Составлять их начали еще в I веке до н. э. Тогда появилась Мишна ришона, то есть "первое повторение (Закона)". От нее сохранились небольшие фрагменты (23). Полная Мишна была составлена лишь около 200 года н. э. , комментарии же к ней, Гемары- Вавилонская и Иерусалимская,возникли еще позже. Однако все три сборника основаны на традициях иродианской и римской эпох (24).

При первом чтении Талмуд должен оттолкнуть тех, кто, ожидая найти в книге учение о вере, погружается в бездну скучнейших ритуальных предписаний, к тому же размещенных довольно хаотично. Какую молитву читать стоя, какую-сидя, кто и когда имеет право приносить жертвы, как далеко простираются пищевые и субботние запреты - эти и другие подобные им вопросы изучаются в Талмуде очень тщательно, с учетом мнений разных раввинов. Все это выглядит клубком, который невозможно распутать. Становится понятным, почему Ренан с иронией говорил, что народу, создавшему Библию, "нужно простить создание Талмуда".

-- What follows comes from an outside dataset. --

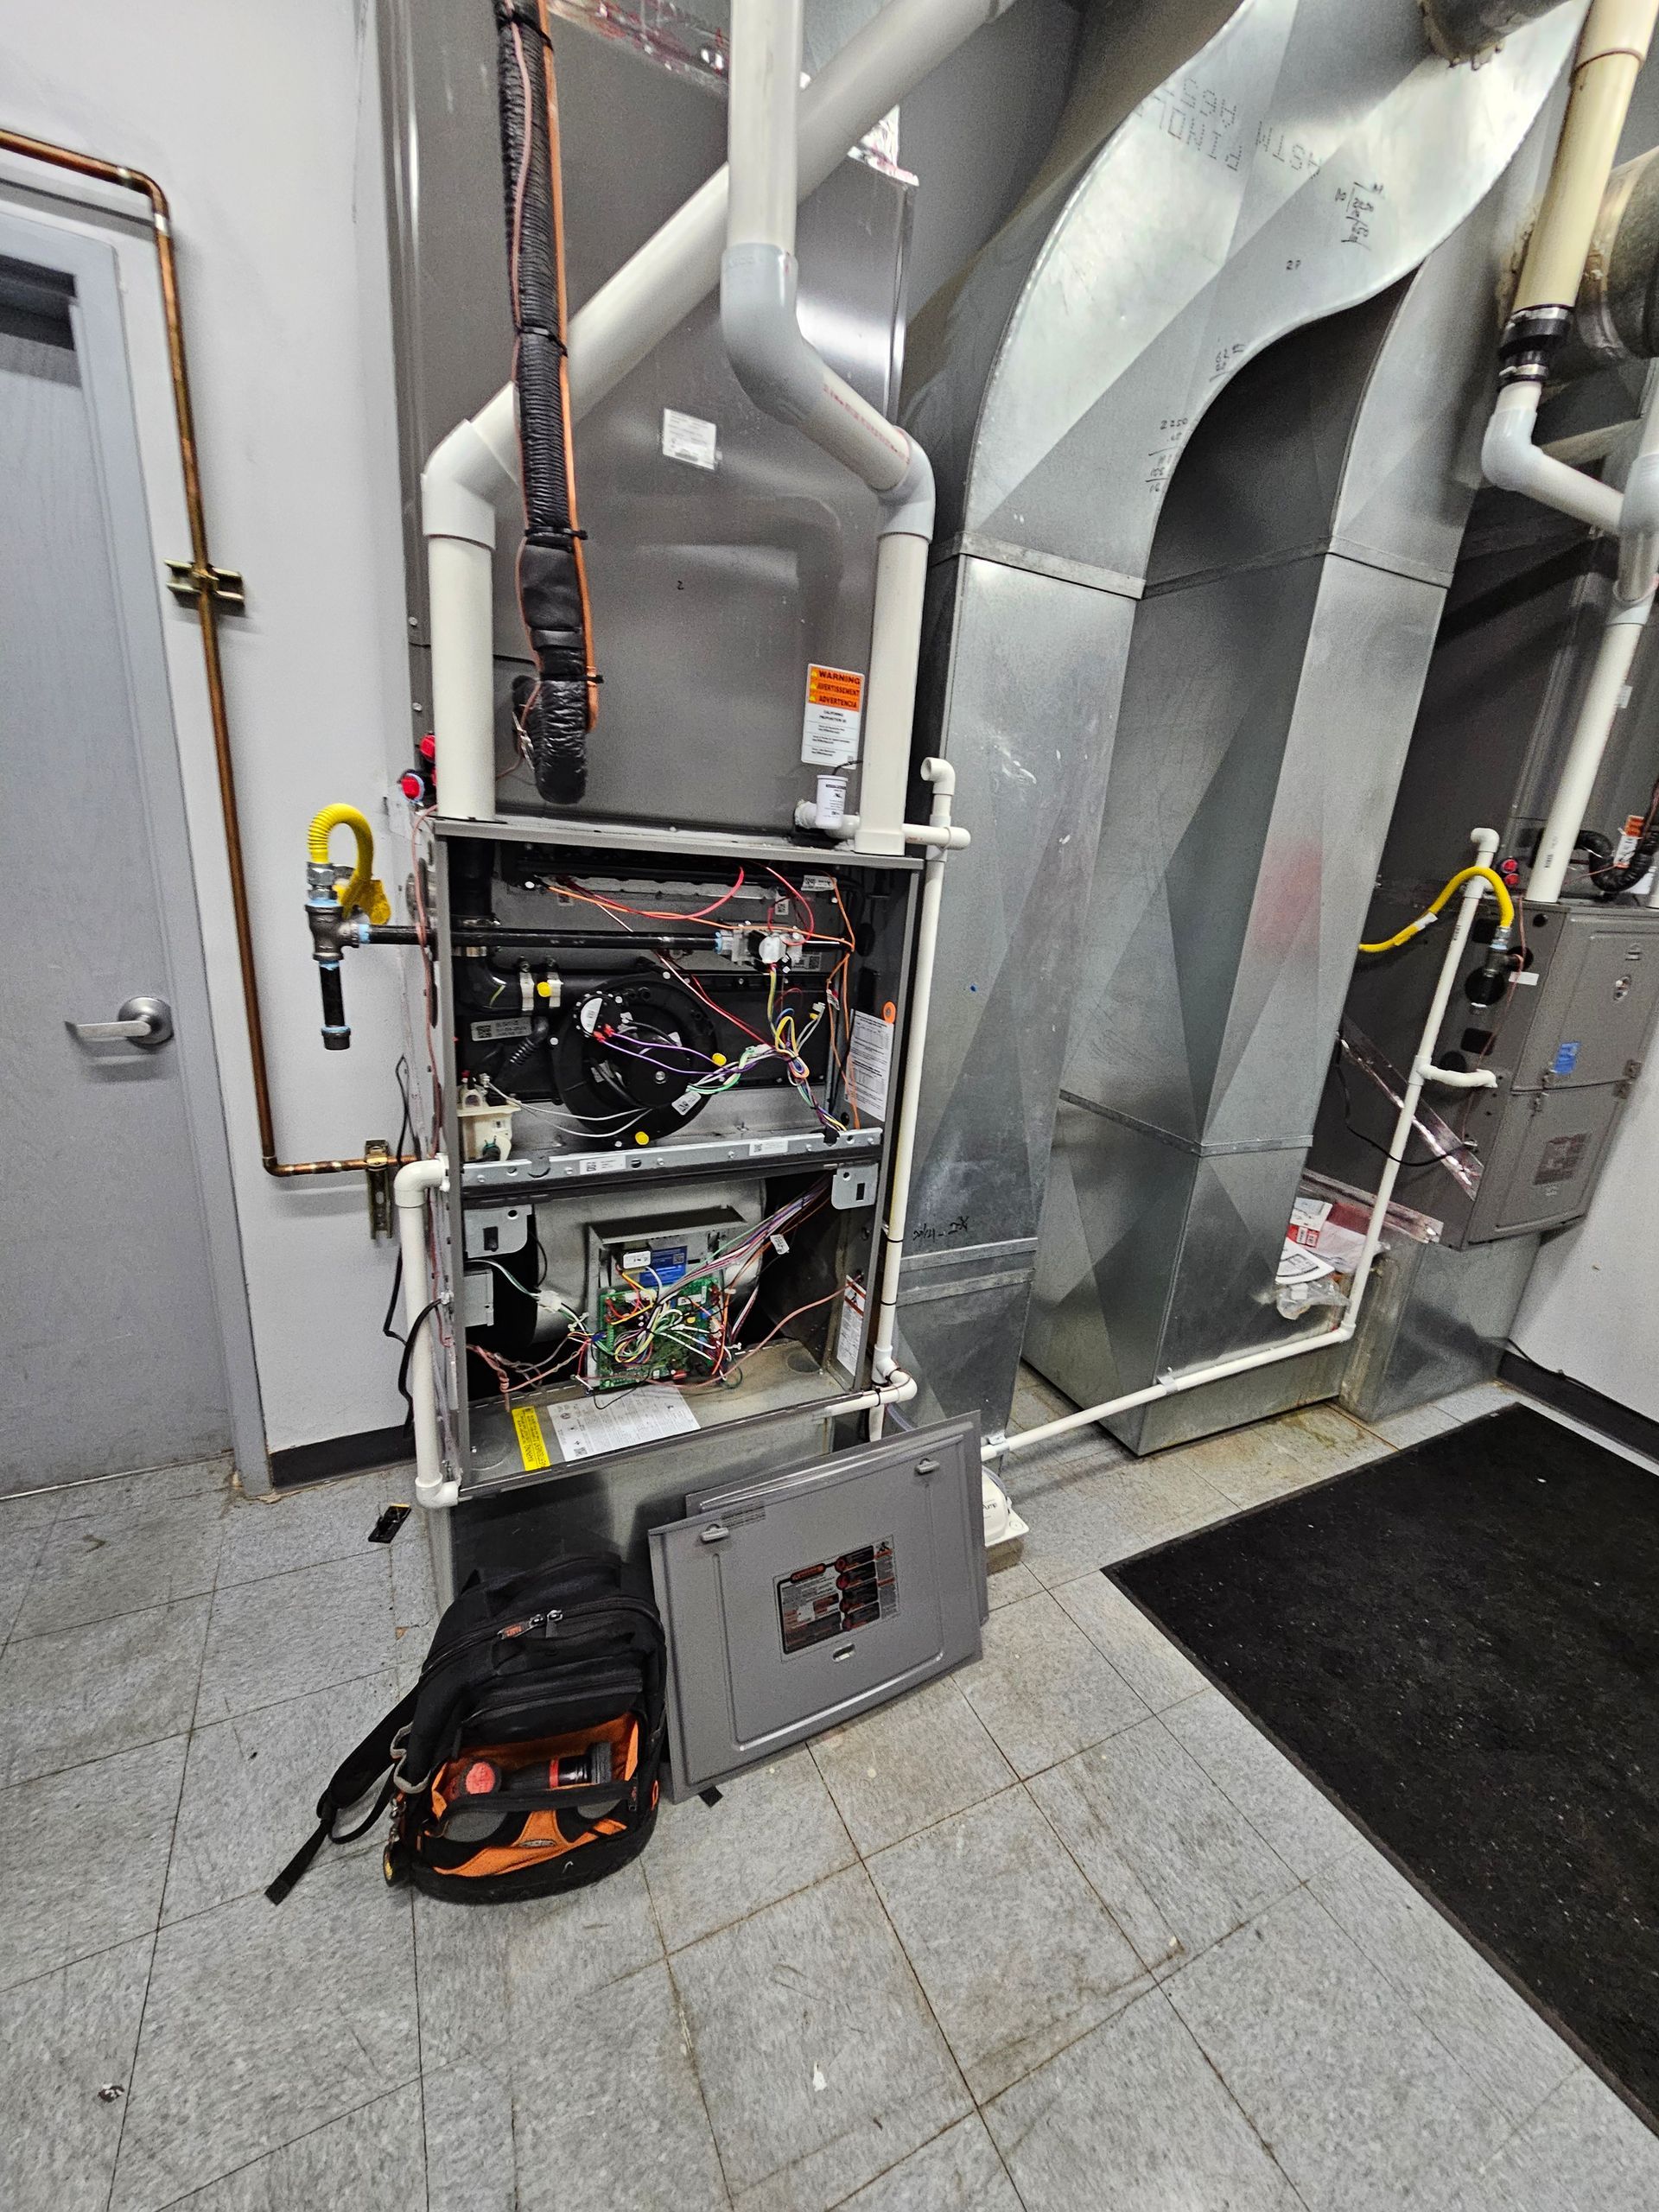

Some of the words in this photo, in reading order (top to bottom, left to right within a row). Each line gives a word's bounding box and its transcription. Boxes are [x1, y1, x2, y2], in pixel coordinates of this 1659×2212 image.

[1164, 78, 1236, 129] A65
[818, 670, 861, 684] WARNING
[817, 683, 860, 696] AVERTISSEMENT
[818, 696, 857, 709] ADVERTENCIA

Такая реакция - плод недоразумения. Ведь основным содержанием Талмуда, особенно Мишны, был церковный Устав, галаха, а он меньше всего может характеризовать сущность веры. Представим себе, что человек, желающий познакомиться с православием, начал бы не с Отцов Церкви или "Добротолюбия", а с Типикона или Кормчей. Впечатление было бы то же, что и от Мишны. И тут и там излагаются детали обрядов, согласованных с днями, праздниками и обстоятельствами; и тут и там - тысячи мелочных правил и ограничений. Между тем книги, аналогичной "Добротолюбию", у древних раввинов не было: мысли о вере и жизни вкрапливались таннаями, составителями Талмуда, в обширный галахический материал. Это было вызвано условиями рассеяния, когда цементировался единый религиозно-общинный статус иудейства. В итоге Талмуд оказался скорее юридическим, чем вероучительным документом.